Vladivostok Russia, located on the Golden Horn Bay, is the easternmost station on the Trans-Siberian Railway, and while many visitors fail to include this largest of Russia’s port cities on their itineraries, there is an assortment of attractions and things to do that will make visitors glad they took time to include Vladivostok travel on their itinerary. Many of the historic buildings are falling into disrepair and are in desperate need of restoration or an imaginative mind to, once again, see the charm and beauty of these age old buildings, but this does not mean that there are not plenty of wondrous and beautiful sites to visit in and around the city. Several museums and memorials span the area of the city, and offer a cultural insight into Vladivostok Russia. Trips to Vladivostok are available on one of five means of transportation, including plane, train, bus, boat, and car. Wherever your Russian vacation takes you, be sure to spend a day traversing the streets and boulevards of this vital city in the Russian Far East.
Trips to Vladivostok will take visitors about 100 miles east of the Chinese border. In Russia, while there are dozens of renowned tourist attractions that draw many visitors from around the world, making Vladivostok travel a delightful experience, it is highly recommended to get off the well beaten path, literally, once in a while to see a more unique side of the country. The Trans Siberian Railway heads from Moscow through the cities of Novosibirsk and Ekaterinburg and past Lake Baikal, one of the most popular tourist attractions in the country, but trips to Vladivostok offer a unique sense of the culture in eastern Russia, one that visitors might not encounter otherwise.
Vladivostok tourism offers a host of interesting monuments, buildings, and sights in all parts of the city. Meandering on foot is one of the best ways to experience the city’s hidden treasures. Along the waterfront, the bronze Little Mermaid statue salutes Hans Christian Anderson in Sports Harbour, where many travelers and locals come to swim and relax during the summer vacation season. Russia’s Pacific Fleet docks in the Golden Horn Bay.
The Vladivostok Russia Aquarium is home to the popular beluga whales, which are a main attraction for many visitors. In honor of Nicholas II, the last tsar of Russia, the Triumphal Arch was rebuilt in 2003 after it was destroyed from its original state by the Bolsheviks. The Submarine S-56 was the first to circumnavigate the world and is, today, on display as a museum where guests can board and explore the inside of this historical submarine. Walking through the alleys and streets, including Fokina Street, a pedestrian thoroughfare, is a truly refreshing way to experience Vladivostok tourism, and though many parts of the city are in need of some restorative attention, it is still quite wonderful to see the various pieces of history coming together in this eastern terminus of Russia.

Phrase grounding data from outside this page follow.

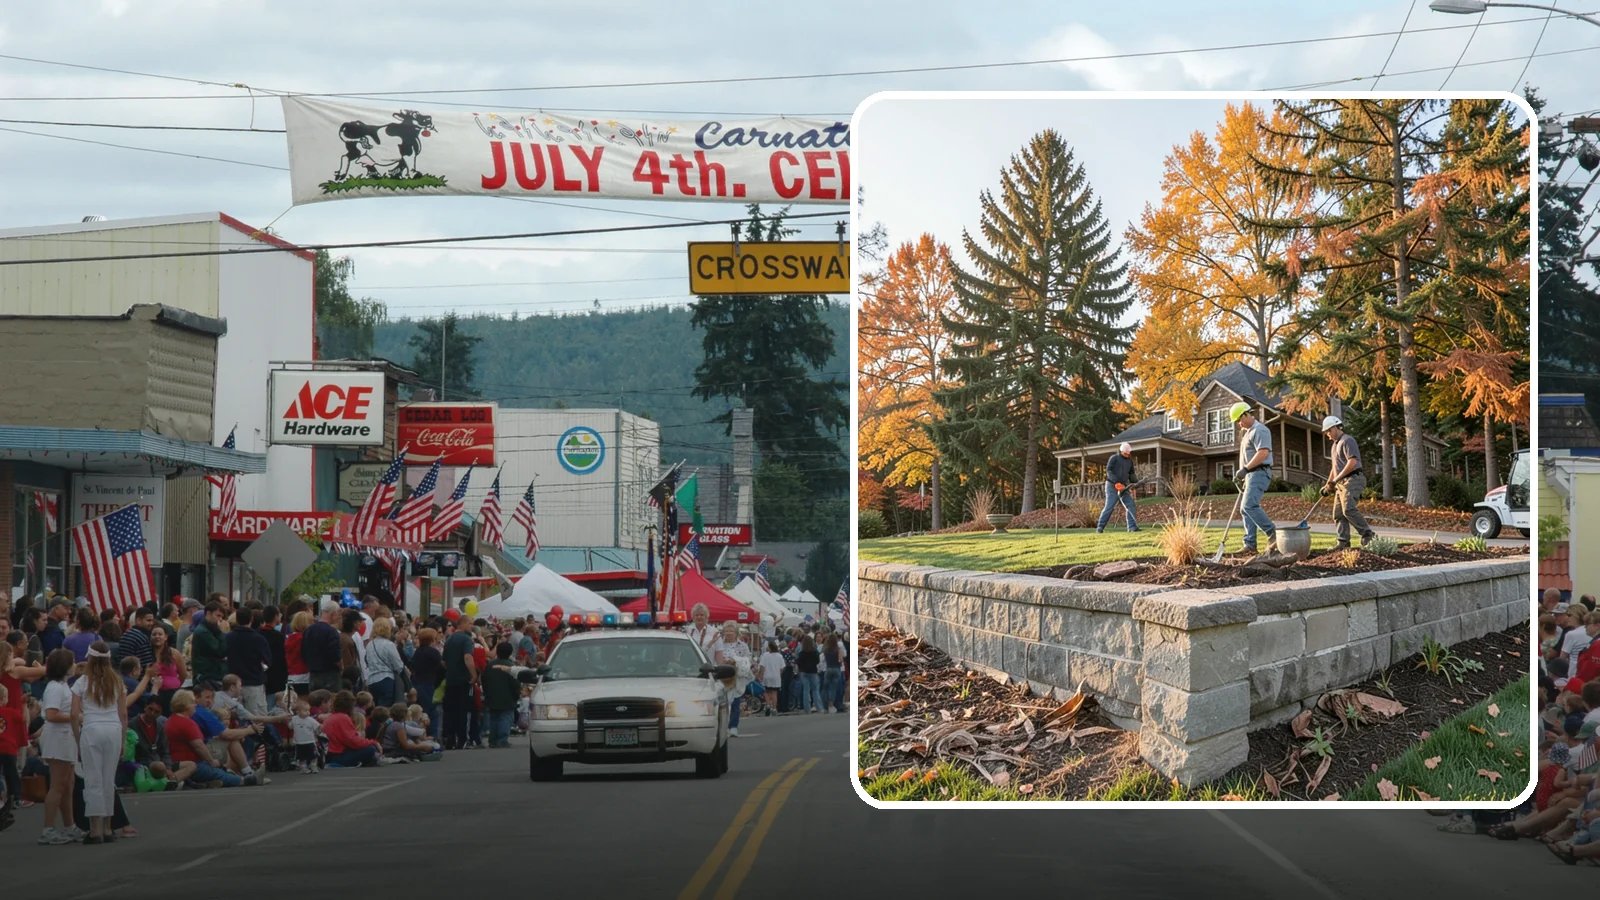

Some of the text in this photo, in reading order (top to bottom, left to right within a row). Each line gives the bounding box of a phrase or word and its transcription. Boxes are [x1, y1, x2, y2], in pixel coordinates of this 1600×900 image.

[695, 121, 850, 150] Carnat
[481, 141, 604, 193] JULY
[632, 150, 746, 198] 4th.
[697, 254, 850, 280] CROSSWA
[283, 380, 373, 420] ACE
[405, 409, 485, 422] CEDAR LOG
[283, 421, 371, 437] Hardware
[416, 428, 477, 447] Coca-Cola
[354, 467, 386, 480] Simpl
[83, 485, 155, 495] St. Vincent de Paul
[688, 526, 741, 535] CRNATION
[699, 535, 730, 543] GLASS
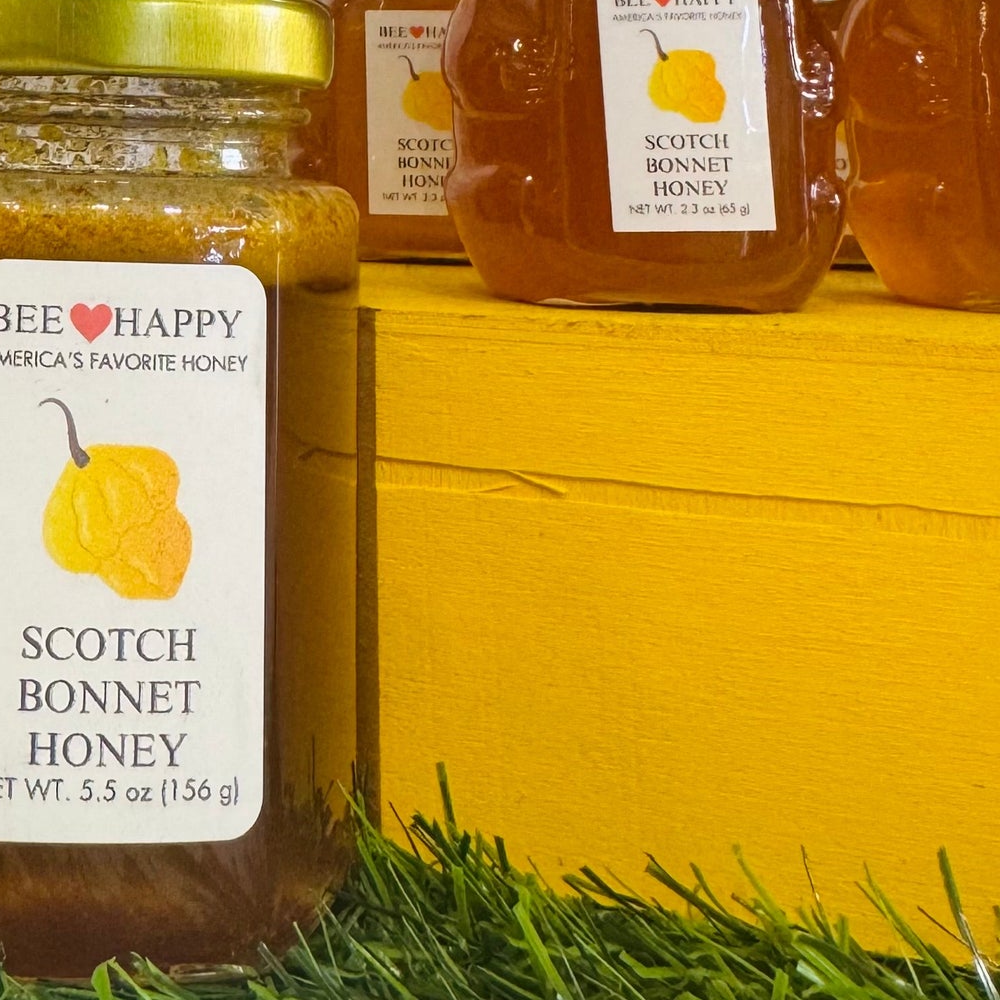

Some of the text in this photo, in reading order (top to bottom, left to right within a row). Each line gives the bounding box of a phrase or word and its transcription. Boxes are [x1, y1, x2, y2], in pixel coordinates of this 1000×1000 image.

[398, 138, 454, 152] SCOTC
[645, 133, 729, 150] SCOTCH
[646, 157, 733, 173] BONNET
[653, 180, 728, 197] HONEY
[114, 306, 242, 338] HAPPY
[90, 352, 176, 371] FAVORITE
[182, 355, 248, 373] HONEY
[21, 625, 197, 662] SCOTCH
[18, 678, 201, 714] BONNET
[28, 732, 187, 768] HONEY
[25, 778, 71, 801] WT.
[80, 779, 117, 802] 5.5
[125, 786, 152, 801] oz
[161, 779, 211, 807] (156
[219, 777, 239, 806] g)
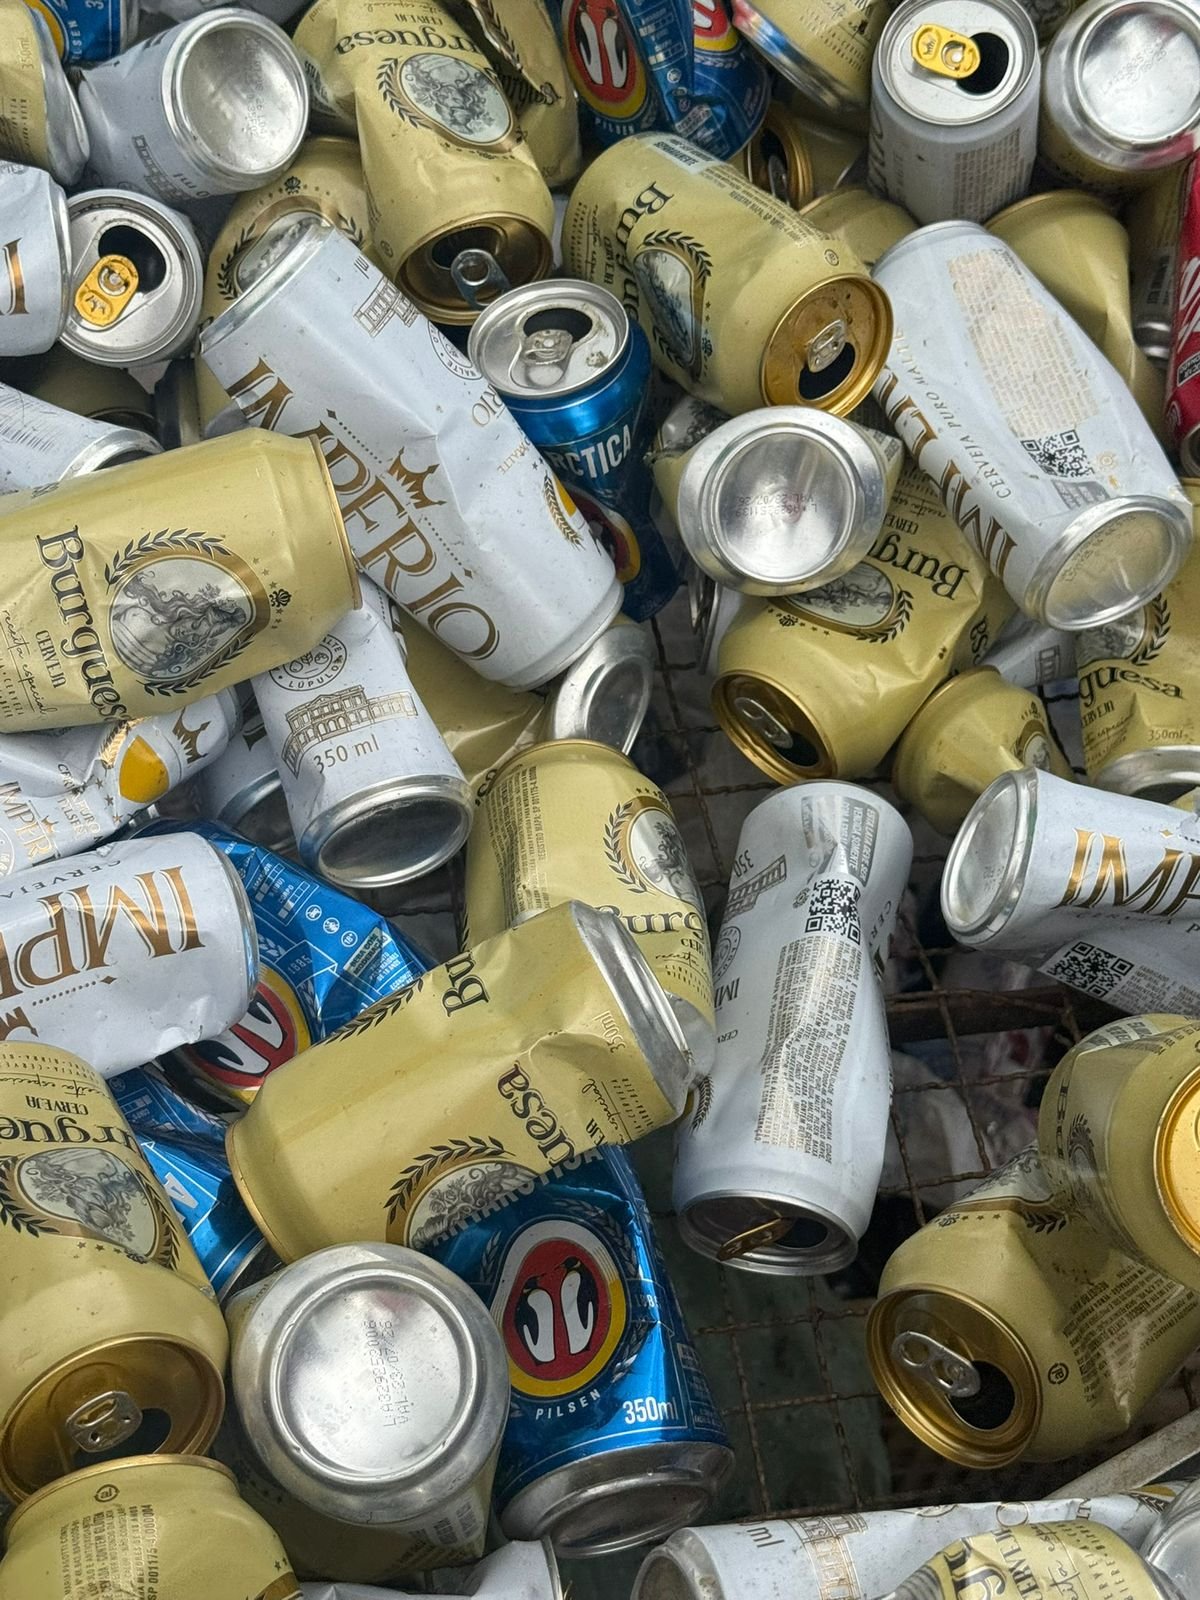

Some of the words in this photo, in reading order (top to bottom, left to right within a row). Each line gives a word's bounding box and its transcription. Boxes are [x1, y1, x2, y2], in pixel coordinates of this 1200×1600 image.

[335, 25, 480, 54] urguesa
[926, 391, 962, 430] PURO
[959, 434, 1012, 500] CERVEJA
[882, 512, 918, 534] CERVE
[35, 524, 131, 722] Burgues
[35, 629, 68, 690] CERVEJA
[17, 663, 57, 715] especial
[1077, 666, 1187, 708] guesa
[1081, 699, 1116, 728] ERVEJA
[1148, 728, 1186, 741] 350ml
[312, 743, 350, 775] 350
[351, 733, 380, 758] ml
[851, 806, 864, 835] VENDIDA
[865, 808, 875, 826] ESTA
[534, 831, 546, 860] REGISTRO
[863, 826, 873, 844] LATA
[849, 835, 860, 870] SOMENTE
[861, 844, 871, 864] DEVE
[852, 950, 862, 980] FABRICADO
[814, 1001, 826, 1026] CONTÉM
[840, 990, 849, 1008] FILIAL
[845, 990, 855, 1020] ENVASADO
[803, 1023, 812, 1040] LOTE:
[803, 1027, 818, 1063] DERIVADOS
[801, 1064, 809, 1074] DE
[816, 1045, 829, 1072] CERVEJA
[827, 1038, 846, 1095] RESPONSABILIDADE
[25, 1095, 90, 1116] CERVEJA
[497, 1059, 576, 1167] uesa
[581, 1077, 620, 1130] especial
[826, 1097, 832, 1105] DE
[806, 1122, 811, 1131] DE
[535, 1388, 601, 1421] PILSEN
[622, 1396, 679, 1425] 350ml

Depending on your port of departure, there are a number of ways to plan Vladivostok travel, including by plane, over sea, and over land. Vladivostok International Airport serves all flights coming into the city; however, prices for these flights are often very expensive, so the best option is to book well in advance if you must fly. Ferries and boats arrive from Japan and South Korea, but as these are not very plentiful and offer few amenities for at least a two-day trip, tourists may want to avoid these unless they’re particularly interested in a sea-going experience. Cargo ships sometimes offer passage, but keep in mind, this is not a very common means of arrival in Russia, and it may cause some discrepancy with Russian officials. Unless you are arriving by bus or car from a nearby town, the Trans Siberian Railway is often the most comfortable and efficient means for tourists and visitors coming from other parts of Russia, and in addition, the entire trip to cross Russia one way passes a host of popular destinations.